The whole set of entries is to be restated word for word.

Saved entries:

....

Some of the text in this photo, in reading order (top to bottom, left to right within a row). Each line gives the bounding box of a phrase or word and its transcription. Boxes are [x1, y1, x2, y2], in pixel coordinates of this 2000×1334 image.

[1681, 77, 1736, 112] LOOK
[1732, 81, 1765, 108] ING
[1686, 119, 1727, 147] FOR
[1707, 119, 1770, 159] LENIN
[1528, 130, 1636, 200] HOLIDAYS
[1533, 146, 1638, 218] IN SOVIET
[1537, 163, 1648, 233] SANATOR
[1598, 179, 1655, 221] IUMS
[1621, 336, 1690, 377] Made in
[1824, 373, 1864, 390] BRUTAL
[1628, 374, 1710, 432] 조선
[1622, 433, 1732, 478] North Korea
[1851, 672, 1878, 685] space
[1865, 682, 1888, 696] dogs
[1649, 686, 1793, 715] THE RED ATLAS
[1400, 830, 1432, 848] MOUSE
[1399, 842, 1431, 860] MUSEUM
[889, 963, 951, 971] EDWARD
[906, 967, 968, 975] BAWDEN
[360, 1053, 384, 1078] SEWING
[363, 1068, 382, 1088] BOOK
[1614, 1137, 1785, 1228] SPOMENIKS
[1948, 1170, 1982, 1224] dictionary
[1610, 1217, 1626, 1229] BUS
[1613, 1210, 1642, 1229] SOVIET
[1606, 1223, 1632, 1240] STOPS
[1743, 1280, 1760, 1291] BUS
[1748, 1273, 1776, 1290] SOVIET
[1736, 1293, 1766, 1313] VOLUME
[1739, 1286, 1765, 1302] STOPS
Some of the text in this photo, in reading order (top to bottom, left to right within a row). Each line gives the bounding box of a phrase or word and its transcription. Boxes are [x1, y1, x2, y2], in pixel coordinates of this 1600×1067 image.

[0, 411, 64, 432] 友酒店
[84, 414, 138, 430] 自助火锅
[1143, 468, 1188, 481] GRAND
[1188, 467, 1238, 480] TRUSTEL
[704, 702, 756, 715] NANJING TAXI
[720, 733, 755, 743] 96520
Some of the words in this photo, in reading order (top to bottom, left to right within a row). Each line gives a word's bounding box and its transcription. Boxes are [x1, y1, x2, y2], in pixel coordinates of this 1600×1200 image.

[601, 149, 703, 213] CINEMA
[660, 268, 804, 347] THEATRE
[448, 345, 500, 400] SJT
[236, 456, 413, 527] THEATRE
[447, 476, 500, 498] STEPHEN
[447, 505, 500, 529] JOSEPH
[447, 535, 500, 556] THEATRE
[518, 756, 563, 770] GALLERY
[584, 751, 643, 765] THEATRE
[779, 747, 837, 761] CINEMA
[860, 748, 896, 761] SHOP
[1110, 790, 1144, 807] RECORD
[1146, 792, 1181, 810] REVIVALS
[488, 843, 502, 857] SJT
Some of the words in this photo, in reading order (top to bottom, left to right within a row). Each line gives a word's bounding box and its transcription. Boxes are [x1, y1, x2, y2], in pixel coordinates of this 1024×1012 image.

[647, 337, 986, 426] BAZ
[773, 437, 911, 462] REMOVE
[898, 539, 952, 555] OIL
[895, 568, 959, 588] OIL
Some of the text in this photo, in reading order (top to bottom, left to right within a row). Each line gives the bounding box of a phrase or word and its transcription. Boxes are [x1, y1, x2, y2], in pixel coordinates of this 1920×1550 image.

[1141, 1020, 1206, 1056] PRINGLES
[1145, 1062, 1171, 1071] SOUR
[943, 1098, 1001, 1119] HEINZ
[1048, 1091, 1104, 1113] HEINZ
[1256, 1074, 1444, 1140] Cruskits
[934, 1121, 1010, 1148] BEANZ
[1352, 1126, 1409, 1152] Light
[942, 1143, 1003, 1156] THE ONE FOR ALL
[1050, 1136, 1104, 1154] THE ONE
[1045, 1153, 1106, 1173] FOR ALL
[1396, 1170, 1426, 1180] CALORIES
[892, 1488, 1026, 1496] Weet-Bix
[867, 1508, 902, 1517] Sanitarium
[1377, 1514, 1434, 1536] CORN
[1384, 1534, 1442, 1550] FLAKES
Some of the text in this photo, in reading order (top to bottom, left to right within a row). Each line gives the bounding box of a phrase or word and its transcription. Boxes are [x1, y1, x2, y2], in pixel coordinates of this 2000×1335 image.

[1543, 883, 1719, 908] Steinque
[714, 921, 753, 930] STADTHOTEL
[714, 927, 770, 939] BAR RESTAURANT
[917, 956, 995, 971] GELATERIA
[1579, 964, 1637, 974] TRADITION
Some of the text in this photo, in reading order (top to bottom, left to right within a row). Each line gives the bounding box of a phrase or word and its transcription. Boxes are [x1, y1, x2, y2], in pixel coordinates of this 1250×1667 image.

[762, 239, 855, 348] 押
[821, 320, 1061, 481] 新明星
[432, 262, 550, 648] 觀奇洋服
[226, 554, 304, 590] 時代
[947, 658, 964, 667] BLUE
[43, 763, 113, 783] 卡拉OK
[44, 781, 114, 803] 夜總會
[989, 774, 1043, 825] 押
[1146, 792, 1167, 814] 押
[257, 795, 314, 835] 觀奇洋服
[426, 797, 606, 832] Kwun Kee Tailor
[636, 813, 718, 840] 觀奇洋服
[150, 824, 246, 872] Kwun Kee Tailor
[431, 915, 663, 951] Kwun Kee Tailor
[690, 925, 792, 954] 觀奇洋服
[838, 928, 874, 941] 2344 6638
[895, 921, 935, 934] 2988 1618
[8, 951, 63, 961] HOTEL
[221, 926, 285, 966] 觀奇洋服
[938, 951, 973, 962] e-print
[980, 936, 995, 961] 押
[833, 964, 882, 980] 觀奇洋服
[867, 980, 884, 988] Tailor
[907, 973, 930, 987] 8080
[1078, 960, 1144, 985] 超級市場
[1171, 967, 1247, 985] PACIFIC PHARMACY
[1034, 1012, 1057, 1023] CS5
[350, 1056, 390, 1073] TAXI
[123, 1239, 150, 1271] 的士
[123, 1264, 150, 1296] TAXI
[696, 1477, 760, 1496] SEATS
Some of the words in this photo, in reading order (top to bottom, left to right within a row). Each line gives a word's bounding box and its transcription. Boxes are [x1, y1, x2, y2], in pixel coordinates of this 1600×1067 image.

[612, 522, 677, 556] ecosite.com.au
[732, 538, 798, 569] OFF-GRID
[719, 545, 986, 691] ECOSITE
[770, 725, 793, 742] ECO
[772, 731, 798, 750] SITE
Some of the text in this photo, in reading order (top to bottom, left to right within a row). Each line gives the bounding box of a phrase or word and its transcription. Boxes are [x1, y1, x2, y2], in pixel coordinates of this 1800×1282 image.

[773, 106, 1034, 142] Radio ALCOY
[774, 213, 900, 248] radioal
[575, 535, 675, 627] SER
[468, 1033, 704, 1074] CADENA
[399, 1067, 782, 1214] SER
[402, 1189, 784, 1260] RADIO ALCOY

....

▸ **Answer space**
Some of the text in this photo, in reading order (top to bottom, left to right within a row). Each line gives the bounding box of a phrase or word and its transcription. Boxes are [x1, y1, x2, y2], in pixel coordinates of this 2000×1334 image.

[1681, 77, 1736, 112] LOOK
[1732, 81, 1765, 108] ING
[1686, 119, 1727, 147] FOR
[1707, 119, 1770, 159] LENIN
[1528, 130, 1636, 200] HOLIDAYS
[1533, 146, 1638, 218] IN SOVIET
[1537, 163, 1648, 233] SANATOR
[1598, 179, 1655, 221] IUMS
[1621, 336, 1690, 377] Made in
[1824, 373, 1864, 390] BRUTAL
[1628, 374, 1710, 432] 조선
[1622, 433, 1732, 478] North Korea
[1851, 672, 1878, 685] space
[1865, 682, 1888, 696] dogs
[1649, 686, 1793, 715] THE RED ATLAS
[1400, 830, 1432, 848] MOUSE
[1399, 842, 1431, 860] MUSEUM
[889, 963, 951, 971] EDWARD
[906, 967, 968, 975] BAWDEN
[360, 1053, 384, 1078] SEWING
[363, 1068, 382, 1088] BOOK
[1614, 1137, 1785, 1228] SPOMENIKS
[1948, 1170, 1982, 1224] dictionary
[1610, 1217, 1626, 1229] BUS
[1613, 1210, 1642, 1229] SOVIET
[1606, 1223, 1632, 1240] STOPS
[1743, 1280, 1760, 1291] BUS
[1748, 1273, 1776, 1290] SOVIET
[1736, 1293, 1766, 1313] VOLUME
[1739, 1286, 1765, 1302] STOPS
Some of the text in this photo, in reading order (top to bottom, left to right within a row). Each line gives the bounding box of a phrase or word and its transcription. Boxes are [x1, y1, x2, y2], in pixel coordinates of this 1600×1067 image.

[0, 411, 64, 432] 友酒店
[84, 414, 138, 430] 自助火锅
[1143, 468, 1188, 481] GRAND
[1188, 467, 1238, 480] TRUSTEL
[704, 702, 756, 715] NANJING TAXI
[720, 733, 755, 743] 96520
Some of the words in this photo, in reading order (top to bottom, left to right within a row). Each line gives a word's bounding box and its transcription. Boxes are [x1, y1, x2, y2], in pixel coordinates of this 1600×1200 image.

[601, 149, 703, 213] CINEMA
[660, 268, 804, 347] THEATRE
[448, 345, 500, 400] SJT
[236, 456, 413, 527] THEATRE
[447, 476, 500, 498] STEPHEN
[447, 505, 500, 529] JOSEPH
[447, 535, 500, 556] THEATRE
[518, 756, 563, 770] GALLERY
[584, 751, 643, 765] THEATRE
[779, 747, 837, 761] CINEMA
[860, 748, 896, 761] SHOP
[1110, 790, 1144, 807] RECORD
[1146, 792, 1181, 810] REVIVALS
[488, 843, 502, 857] SJT
Some of the words in this photo, in reading order (top to bottom, left to right within a row). Each line gives a word's bounding box and its transcription. Boxes are [x1, y1, x2, y2], in pixel coordinates of this 1024×1012 image.

[647, 337, 986, 426] BAZ
[773, 437, 911, 462] REMOVE
[898, 539, 952, 555] OIL
[895, 568, 959, 588] OIL
Some of the text in this photo, in reading order (top to bottom, left to right within a row). Each line gives the bounding box of a phrase or word and its transcription. Boxes are [x1, y1, x2, y2], in pixel coordinates of this 1920×1550 image.

[1141, 1020, 1206, 1056] PRINGLES
[1145, 1062, 1171, 1071] SOUR
[943, 1098, 1001, 1119] HEINZ
[1048, 1091, 1104, 1113] HEINZ
[1256, 1074, 1444, 1140] Cruskits
[934, 1121, 1010, 1148] BEANZ
[1352, 1126, 1409, 1152] Light
[942, 1143, 1003, 1156] THE ONE FOR ALL
[1050, 1136, 1104, 1154] THE ONE
[1045, 1153, 1106, 1173] FOR ALL
[1396, 1170, 1426, 1180] CALORIES
[892, 1488, 1026, 1496] Weet-Bix
[867, 1508, 902, 1517] Sanitarium
[1377, 1514, 1434, 1536] CORN
[1384, 1534, 1442, 1550] FLAKES
Some of the text in this photo, in reading order (top to bottom, left to right within a row). Each line gives the bounding box of a phrase or word and its transcription. Boxes are [x1, y1, x2, y2], in pixel coordinates of this 2000×1335 image.

[1543, 883, 1719, 908] Steinque
[714, 921, 753, 930] STADTHOTEL
[714, 927, 770, 939] BAR RESTAURANT
[917, 956, 995, 971] GELATERIA
[1579, 964, 1637, 974] TRADITION
Some of the text in this photo, in reading order (top to bottom, left to right within a row). Each line gives the bounding box of a phrase or word and its transcription. Boxes are [x1, y1, x2, y2], in pixel coordinates of this 1250×1667 image.

[762, 239, 855, 348] 押
[821, 320, 1061, 481] 新明星
[432, 262, 550, 648] 觀奇洋服
[226, 554, 304, 590] 時代
[947, 658, 964, 667] BLUE
[43, 763, 113, 783] 卡拉OK
[44, 781, 114, 803] 夜總會
[989, 774, 1043, 825] 押
[1146, 792, 1167, 814] 押
[257, 795, 314, 835] 觀奇洋服
[426, 797, 606, 832] Kwun Kee Tailor
[636, 813, 718, 840] 觀奇洋服
[150, 824, 246, 872] Kwun Kee Tailor
[431, 915, 663, 951] Kwun Kee Tailor
[690, 925, 792, 954] 觀奇洋服
[838, 928, 874, 941] 2344 6638
[895, 921, 935, 934] 2988 1618
[8, 951, 63, 961] HOTEL
[221, 926, 285, 966] 觀奇洋服
[938, 951, 973, 962] e-print
[980, 936, 995, 961] 押
[833, 964, 882, 980] 觀奇洋服
[867, 980, 884, 988] Tailor
[907, 973, 930, 987] 8080
[1078, 960, 1144, 985] 超級市場
[1171, 967, 1247, 985] PACIFIC PHARMACY
[1034, 1012, 1057, 1023] CS5
[350, 1056, 390, 1073] TAXI
[123, 1239, 150, 1271] 的士
[123, 1264, 150, 1296] TAXI
[696, 1477, 760, 1496] SEATS
Some of the words in this photo, in reading order (top to bottom, left to right within a row). Each line gives a word's bounding box and its transcription. Boxes are [x1, y1, x2, y2], in pixel coordinates of this 1600×1067 image.

[612, 522, 677, 556] ecosite.com.au
[732, 538, 798, 569] OFF-GRID
[719, 545, 986, 691] ECOSITE
[770, 725, 793, 742] ECO
[772, 731, 798, 750] SITE
Some of the text in this photo, in reading order (top to bottom, left to right within a row). Each line gives the bounding box of a phrase or word and its transcription. Boxes are [x1, y1, x2, y2], in pixel coordinates of this 1800×1282 image.

[773, 106, 1034, 142] Radio ALCOY
[774, 213, 900, 248] radioal
[575, 535, 675, 627] SER
[468, 1033, 704, 1074] CADENA
[399, 1067, 782, 1214] SER
[402, 1189, 784, 1260] RADIO ALCOY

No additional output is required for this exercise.